Sonal slid her insurance card across the counter. It was not one they accepted, and the daughter certainly wouldn’t qualify for federal assistance. Ruchi had learned that the government knew nothing about what the money was for. Dr. Sharma had Ruchi code the procedure as antepartum care or postpartum care or post-hysterectomy care. Reagan had decided that the government should never give money for the procedure. Which meant Dr. Sharma hadn’t been completely truthful about following the law, though Ruchi considered such deceit smart rather than willful. Helpful rather than harmful. The lie of a good person.
Sonal and Bhavana conferred over the confidentiality agreement and the waiver that wouldn’t hold Wellness responsible for future scarring or excessive bleeding, uncommon side effects. Bhavana had to let go of her mother’s hand to sign. The two men left in the waiting room stared at their laps.
Ruchi prepared to turn Sonal and her daughter away. She’d find them somewhere else to go. She, too, was good. She, too, was smart. There were other places that offered services like Dr. Sharma’s. No one saw anyone for free.
“I’m sorry but we don’t accept this,” Ruchi said.
“No?”
Bhavana slipped off her shoes and pressed her heels onto the lip of the hard chair. She had long, veined feet that didn’t match the rest of her. “I can help you find another provider—”
“No need. How much is the service? I’ll pay cash.”
A slim, quartz colored purse hung from Sonal’s wrist. She opened the gold clasp and took out her checkbook. Ruchi told her the amount, and Sonal wrote it in small, perfect cursive with glossy blue ink.
“We will need to call the bank to verify the sum,” Ruchi said. Sonal Mansingh had her own account at People’s and the bank was happy to verify, like it was such a small sum when compared to the balance that its absence wouldn’t be noticed. A sea of money that could swallow whole any eventuality and return to its original, placid form. A sum that Ruchi would never carry in her purse, a sum she could only stow away and keep safe.

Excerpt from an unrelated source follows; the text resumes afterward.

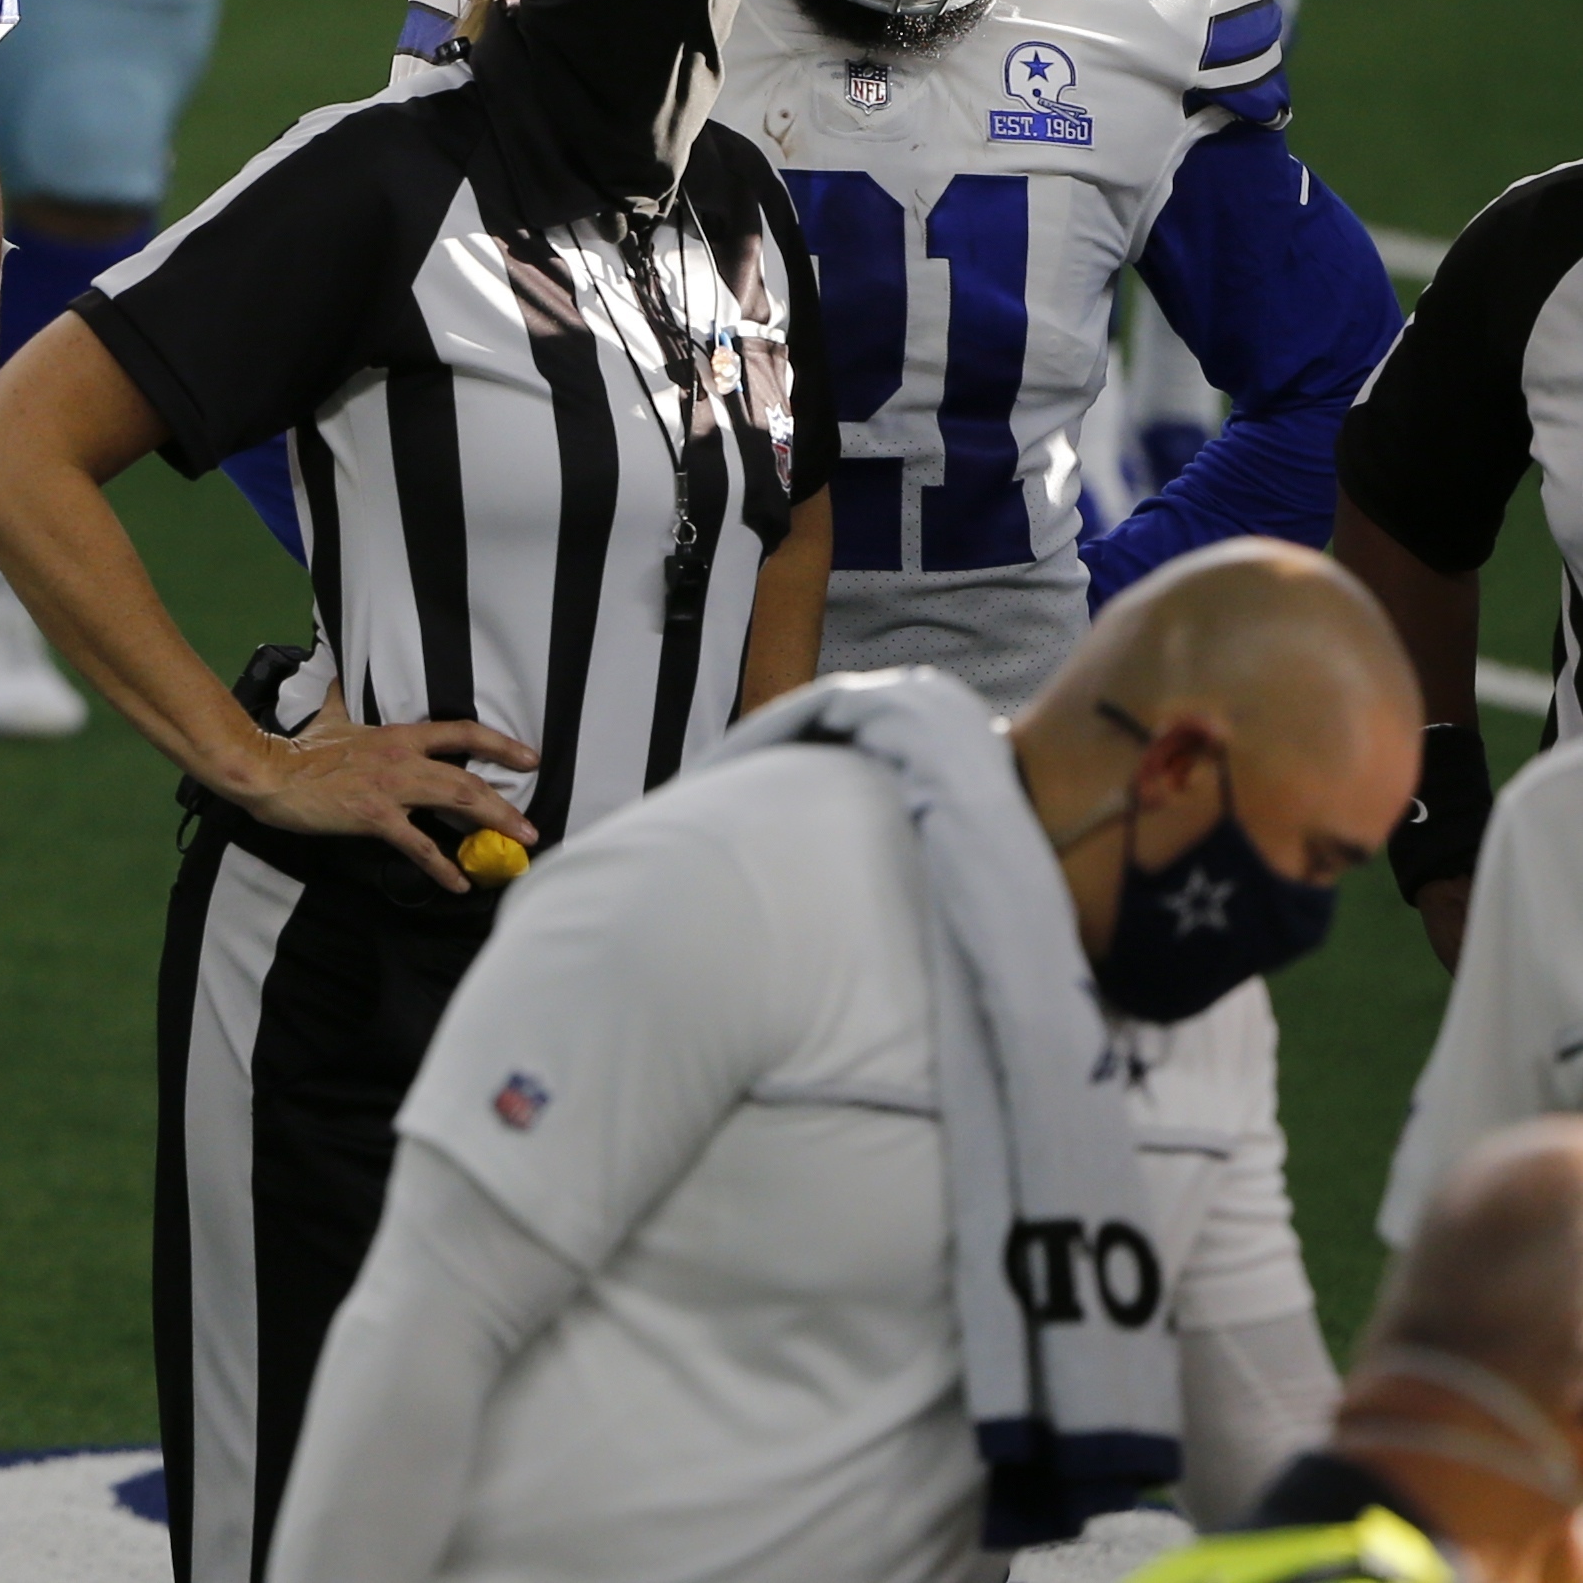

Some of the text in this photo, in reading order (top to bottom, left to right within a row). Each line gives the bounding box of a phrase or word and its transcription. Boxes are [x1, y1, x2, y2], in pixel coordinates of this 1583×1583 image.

Sonal smiled at Ruchi. “I’m sure you’ll not mention this to anyone. Deepa is a dear but a gossip.”
“Of course not. By law it’s confidential,” Ruchi said, but there was something she didn’t understand. Everyone talks. “Why come here? There are other clinics that—”
Sonal reached across the counter to take Ruchi’s hand. “Because,” she said, squeezing hard, “we want the best.”